Peculiare in questo testo è la duplice ambientazione temporale. Quella dei ricordi del protagonista – che fanno riferimento ad una giovinezza all’insegna della voglia d’emergere nel “mondo incantato” ma cinico della finis Austriae -, calata appunto negli anni che precedettero il crollo della duplice monarchia austro-ungarica. E quella riferibile all’attualità romanzesca, datata Vienna 1936, giusto due anni prima che l’Austria fosse annessa alla Germania e che l’antica capitale asburgica, nell’epoca intollerante dell’irresistibile ascesa nazista, da città liberale, aperta e cosmopolita divenisse luogo da cui Freud, Schönberg, lo stesso Werfel e tanti altri intellettuali di origine ebraica dovettero ben presto fuggire emigrando all’estero, onde evitare le persecuzioni naziste.



I due piani temporali nel romanzo sono destinati a intersecarsi per via di una lettera inattesa, stilata giusto mediante “una scrittura femminile azzurro pallido”, che il protagonista – Leonida: invidiato “capodivisione” ministeriale, d’umile origine ma assurto a un rango sociale elevato grazie a un matrimonio di convenienza con la ricca aristocratica Amelie – riceve un giorno dall’ex amante che egli non ha più rivisto da vent’anni e soprattutto a suo tempo ha ingannato, non rivelandole d’avere una moglie. Nella lettera la donna, di nome Vera, prega Leonida di aiutare “un giovane di talento” a lei caro, che le leggi razziali tedesche hanno costretto a rifugiarsi in Austria.



L’uomo, irritato per tale sgradevole ingerenza, riflettendoci cade poi in preda al panico, fattosi convinto non solo di essere lui il padre di quel ragazzo ma che soprattutto “il suo nuovo figlio aveva un tasso elevato di sangue ebraico nelle vene”. Per non dire d’un ulteriore aspetto poco conveniente, essendo a suo avviso “quanto mai inopportuno che un alto funzionario dello Stato stabilisse contatti sociali con gente della razza di Vera”. 
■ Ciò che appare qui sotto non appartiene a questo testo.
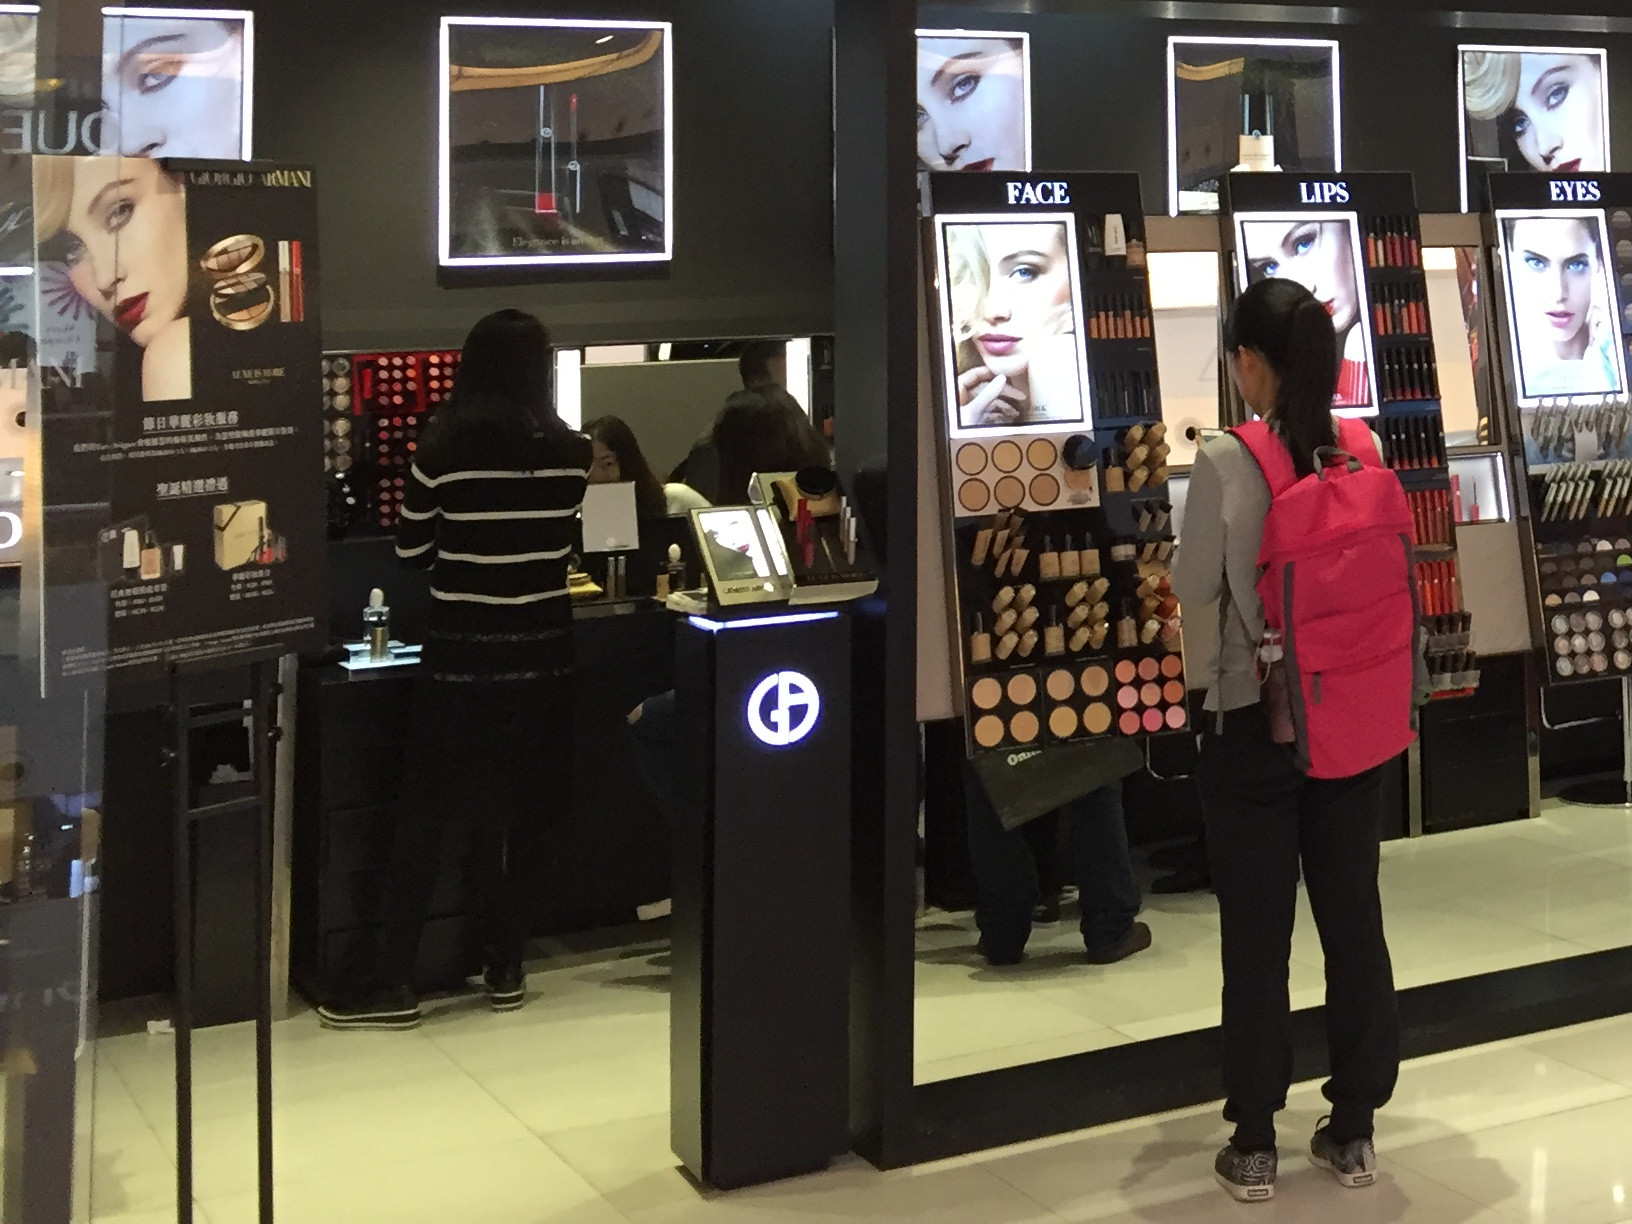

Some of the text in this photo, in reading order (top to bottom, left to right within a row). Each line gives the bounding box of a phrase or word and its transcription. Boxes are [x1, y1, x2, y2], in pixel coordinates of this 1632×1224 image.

[1006, 181, 1071, 205] FACE
[1300, 180, 1350, 205] LIPS
[1550, 179, 1601, 202] EYES
Sull’orlo della paranoia, nel timore di mettere a repentaglio la propria immagine di marito fedele e di burocrate integerrimo a causa di tale scandalo, il protagonista, che già si prefigura di venir sottoposto a un’inchiesta avvilente, in realtà è lui stesso a volersi sottoporre per la prima volta a un sincero esame di coscienza. Ne emergerà una constatazione tanto impietosa quanto avvilente: egli ha trascorso un’esistenza intessuta di menzogne, reticenze, compromessi e perbenismo di facciata. Con un unico periodo felice: quello trascorso a suo tempo accanto a Vera, la sola donna da lui amata sul serio, ma che poi abbandonò per evitare una possibile richiesta di divorzio da parte della moglie. Eppure anche questa volta nulla d’eclatante verrà a sconvolgere il ménage del nostro ignavo conformista che, dopo aver scoperto in un colloquio con Vera di non essere il padre del giovane ebreo, tornerà tra le braccia di Amelie e al proprio tran tran rassicurante.
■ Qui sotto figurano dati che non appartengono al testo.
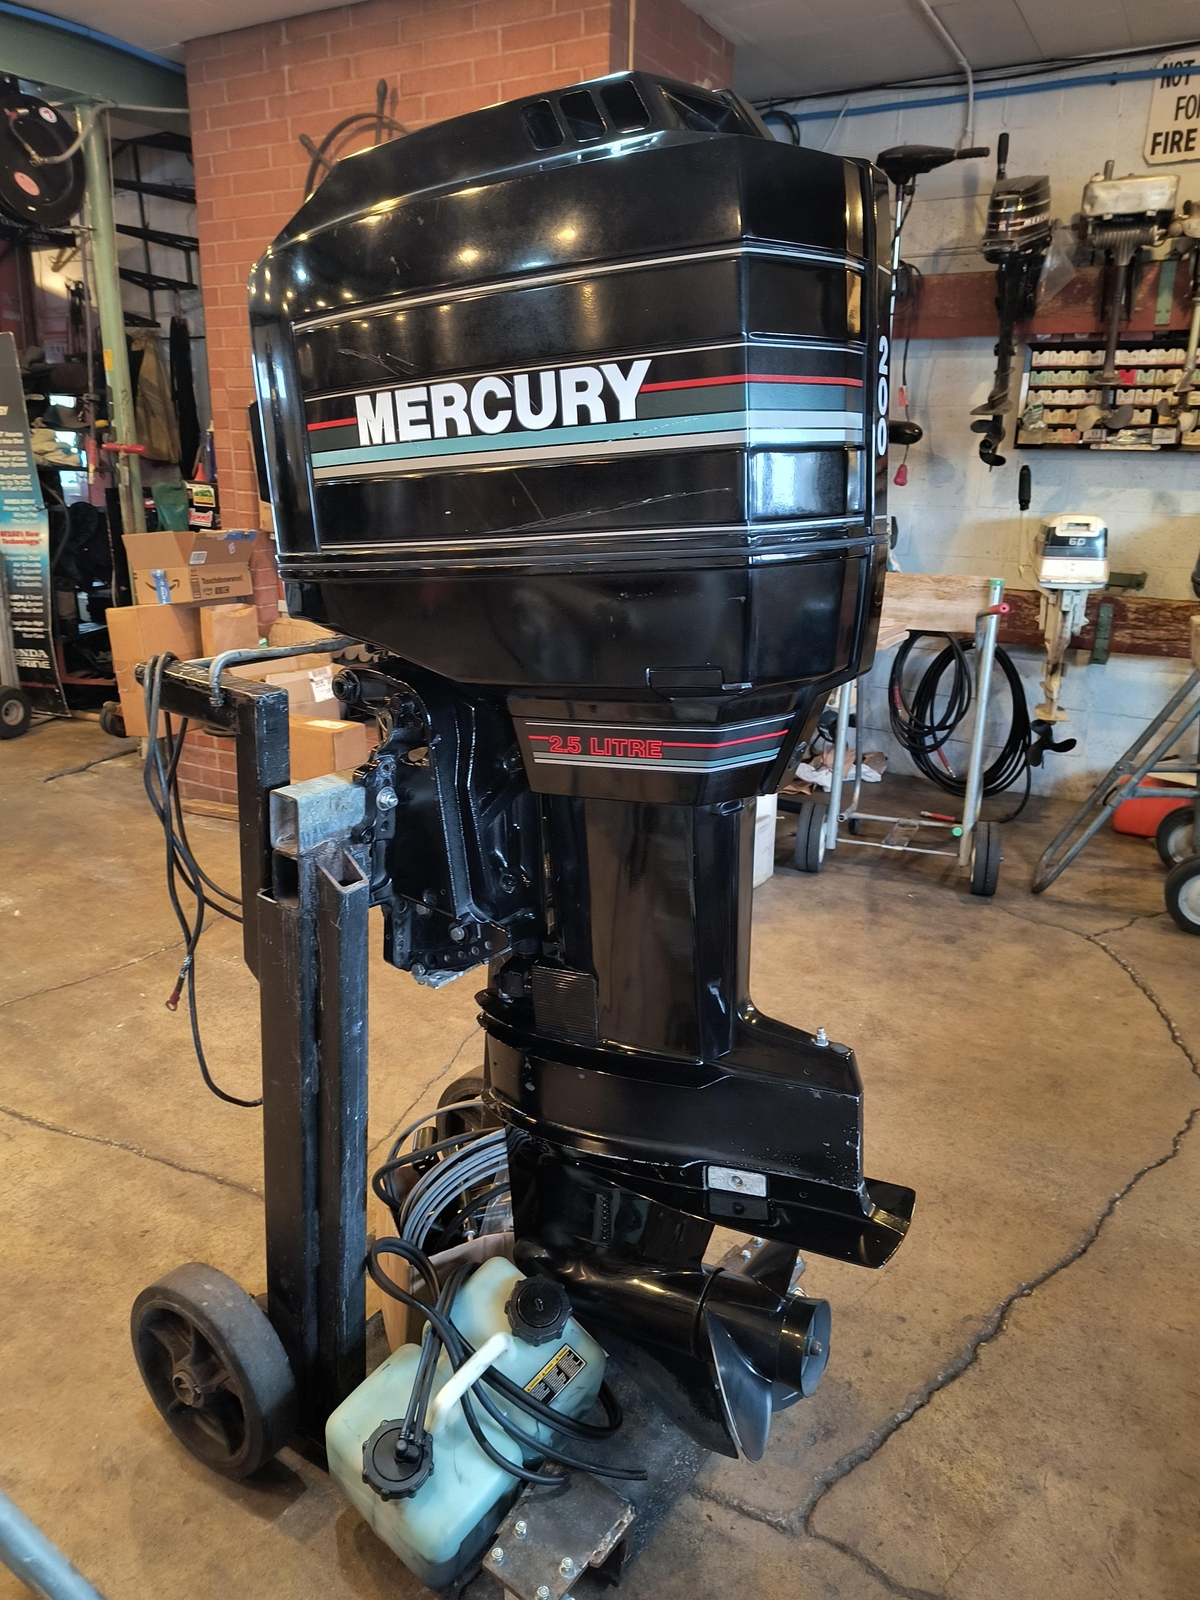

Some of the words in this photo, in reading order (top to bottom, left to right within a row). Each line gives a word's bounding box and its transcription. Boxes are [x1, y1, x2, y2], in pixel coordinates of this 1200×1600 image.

[1160, 59, 1196, 89] NOT
[1150, 128, 1198, 156] FIRE
[355, 360, 651, 446] MERCURY
[876, 335, 889, 456] 200
[13, 648, 49, 658] ONDA
[15, 660, 51, 669] ARINE
[549, 735, 582, 754] 2.5
[590, 737, 662, 759] LITRE
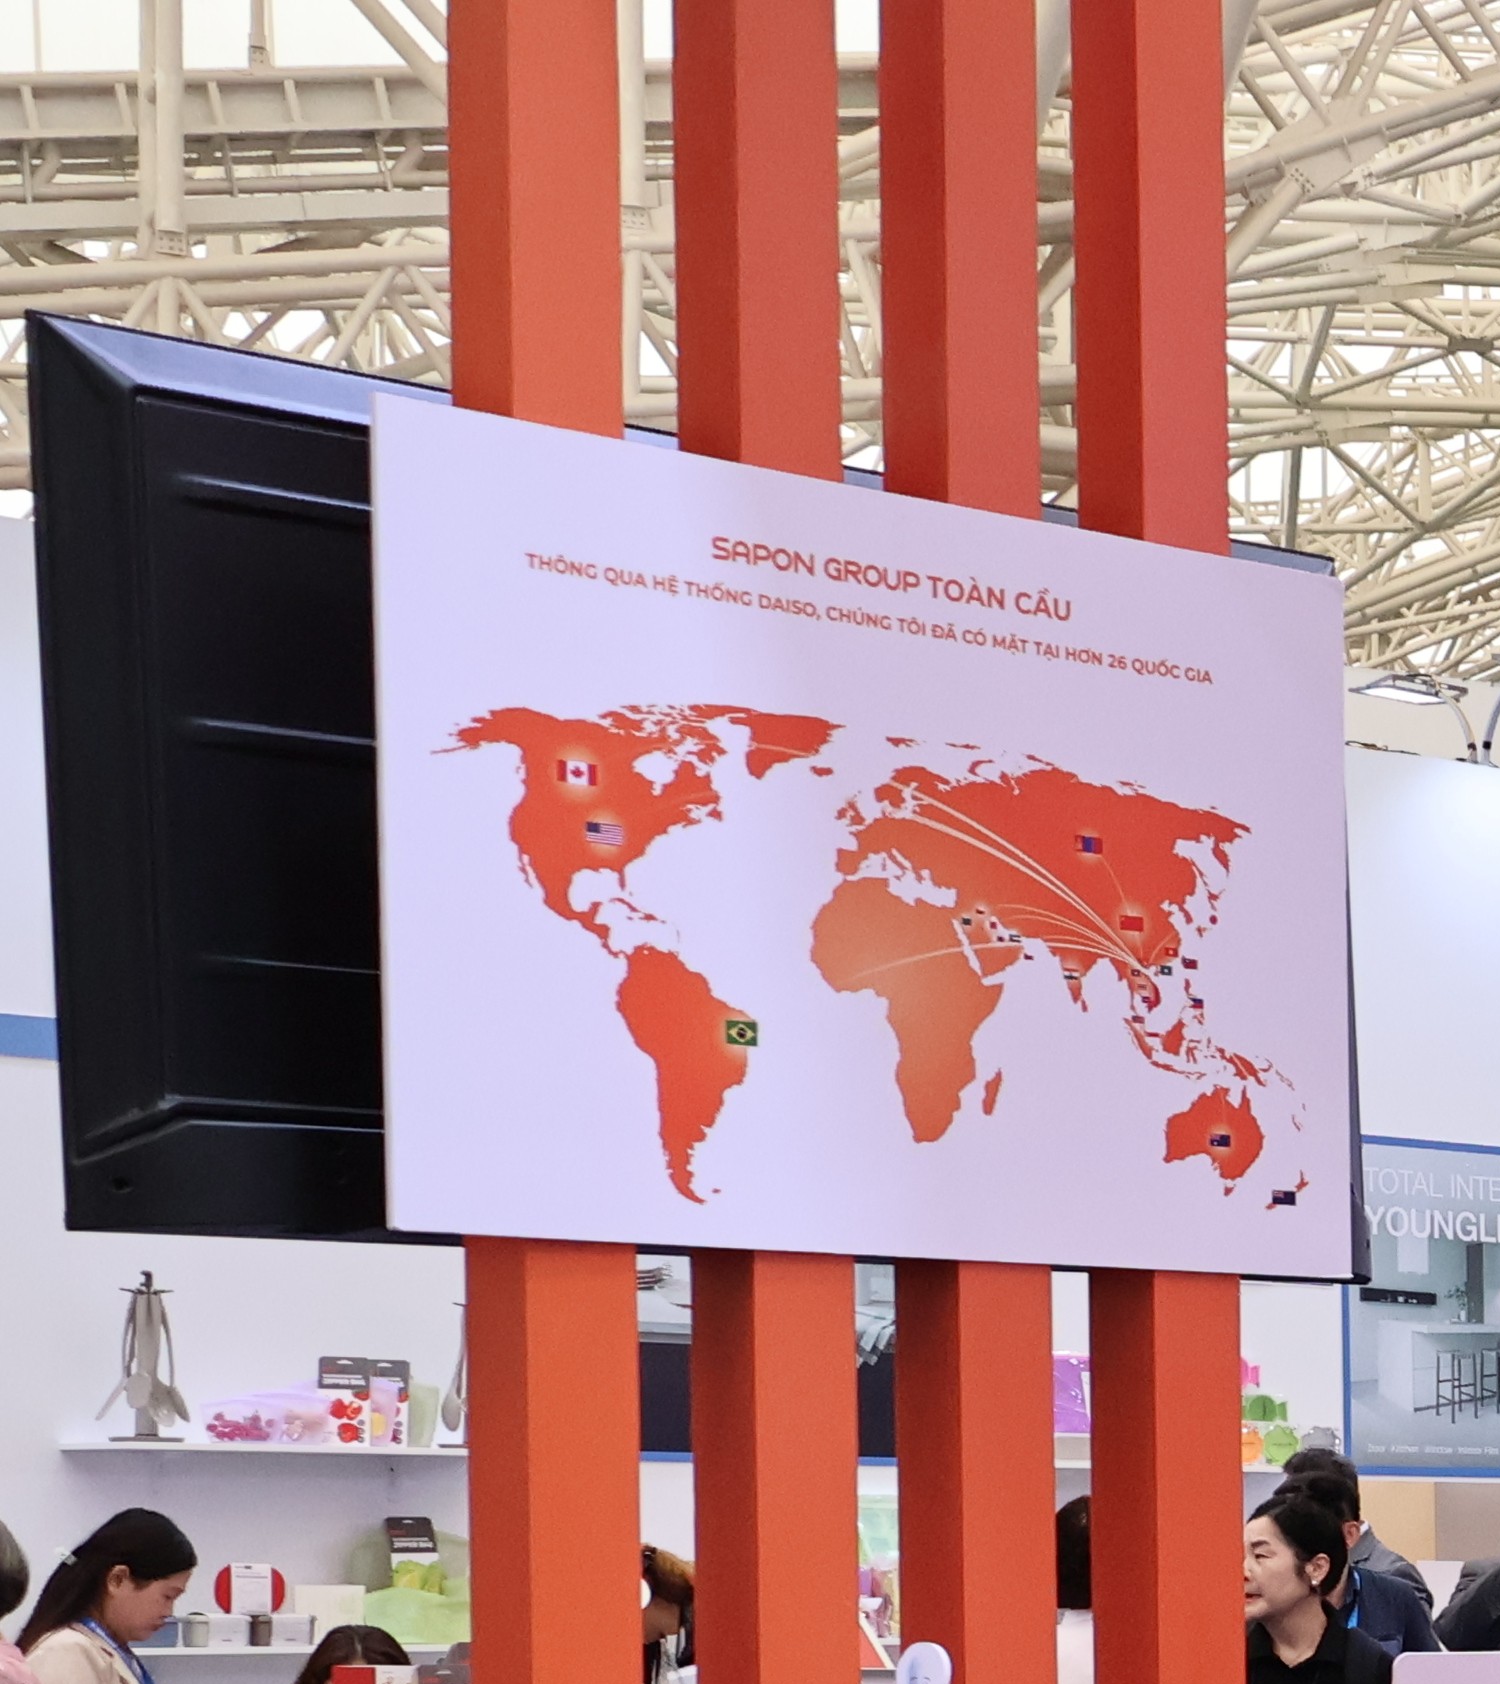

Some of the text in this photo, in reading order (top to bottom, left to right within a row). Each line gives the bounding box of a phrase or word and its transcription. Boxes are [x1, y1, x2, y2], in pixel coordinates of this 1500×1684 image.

[524, 551, 1214, 685] THÔNG QUA HỆ THỐNG DAISO, CHÚNG TÔI ĐÃ CÓ MẶT TẠI HƠN 26 QUỐC GIA
[711, 535, 1072, 622] SAPON GROUP TOÀN CẦU
[1363, 1166, 1444, 1199] TOTAL
Romanzo sull’inautenticità e sull’infedeltà innanzitutto nei confronti di se stessi − tra fraintendimenti e tradimenti, fra futili ambizioni e vane agnizioni − Una scrittura femminile azzurro pallido è al contempo un disincantato j’accuse contro l’ipocrisia, gli speudovalori e il moralismo piccolo-borghese incarnati da buona parte della classe media tedesca durante il travagliato periodo d’involuzione politica, culturale ed anche etica che contrassegnò i cruciali anni Trenta. Avvalendosi di un mirabile, davvero ben oliato meccanismo narrativo che letteralmente avvince il lettore dalla prima all’ultima pagina e di una scrittura nitida, precisa, direi anzi implacabile, Franz Werfel riesce a far emergere in modo esemplare la squallida banalità del protagonista: specchio fedele della miseria morale e umana di tutto un ceto sociale disponibile a ogni tipo di connivenza, meschinità e disimpegno pur di mantenere intatta la propria condizione privilegiata.